Activity:
Send back all of the data, word for word.

Data excerpts:
^^^^^^^^

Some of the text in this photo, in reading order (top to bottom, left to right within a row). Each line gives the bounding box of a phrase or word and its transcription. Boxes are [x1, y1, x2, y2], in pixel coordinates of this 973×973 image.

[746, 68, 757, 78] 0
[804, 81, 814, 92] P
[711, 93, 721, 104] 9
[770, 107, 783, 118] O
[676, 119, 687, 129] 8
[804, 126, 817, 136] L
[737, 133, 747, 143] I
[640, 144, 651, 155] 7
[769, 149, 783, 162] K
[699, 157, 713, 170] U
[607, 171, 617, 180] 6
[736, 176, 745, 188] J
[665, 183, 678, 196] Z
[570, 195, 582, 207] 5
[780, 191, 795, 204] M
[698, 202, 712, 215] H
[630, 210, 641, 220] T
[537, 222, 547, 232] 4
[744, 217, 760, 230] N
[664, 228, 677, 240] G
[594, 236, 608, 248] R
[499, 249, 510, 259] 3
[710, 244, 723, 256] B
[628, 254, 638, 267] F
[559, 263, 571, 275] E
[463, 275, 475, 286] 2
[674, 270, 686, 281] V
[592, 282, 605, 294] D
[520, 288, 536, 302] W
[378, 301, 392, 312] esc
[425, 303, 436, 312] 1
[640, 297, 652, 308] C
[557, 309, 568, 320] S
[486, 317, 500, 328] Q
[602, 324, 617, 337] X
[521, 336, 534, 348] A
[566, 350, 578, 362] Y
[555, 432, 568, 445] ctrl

^^^^^^^^

Response to this exercise:
Some of the text in this photo, in reading order (top to bottom, left to right within a row). Each line gives the bounding box of a phrase or word and its transcription. Boxes are [x1, y1, x2, y2], in pixel coordinates of this 973×973 image.

[746, 68, 757, 78] 0
[804, 81, 814, 92] P
[711, 93, 721, 104] 9
[770, 107, 783, 118] O
[676, 119, 687, 129] 8
[804, 126, 817, 136] L
[737, 133, 747, 143] I
[640, 144, 651, 155] 7
[769, 149, 783, 162] K
[699, 157, 713, 170] U
[607, 171, 617, 180] 6
[736, 176, 745, 188] J
[665, 183, 678, 196] Z
[570, 195, 582, 207] 5
[780, 191, 795, 204] M
[698, 202, 712, 215] H
[630, 210, 641, 220] T
[537, 222, 547, 232] 4
[744, 217, 760, 230] N
[664, 228, 677, 240] G
[594, 236, 608, 248] R
[499, 249, 510, 259] 3
[710, 244, 723, 256] B
[628, 254, 638, 267] F
[559, 263, 571, 275] E
[463, 275, 475, 286] 2
[674, 270, 686, 281] V
[592, 282, 605, 294] D
[520, 288, 536, 302] W
[378, 301, 392, 312] esc
[425, 303, 436, 312] 1
[640, 297, 652, 308] C
[557, 309, 568, 320] S
[486, 317, 500, 328] Q
[602, 324, 617, 337] X
[521, 336, 534, 348] A
[566, 350, 578, 362] Y
[555, 432, 568, 445] ctrl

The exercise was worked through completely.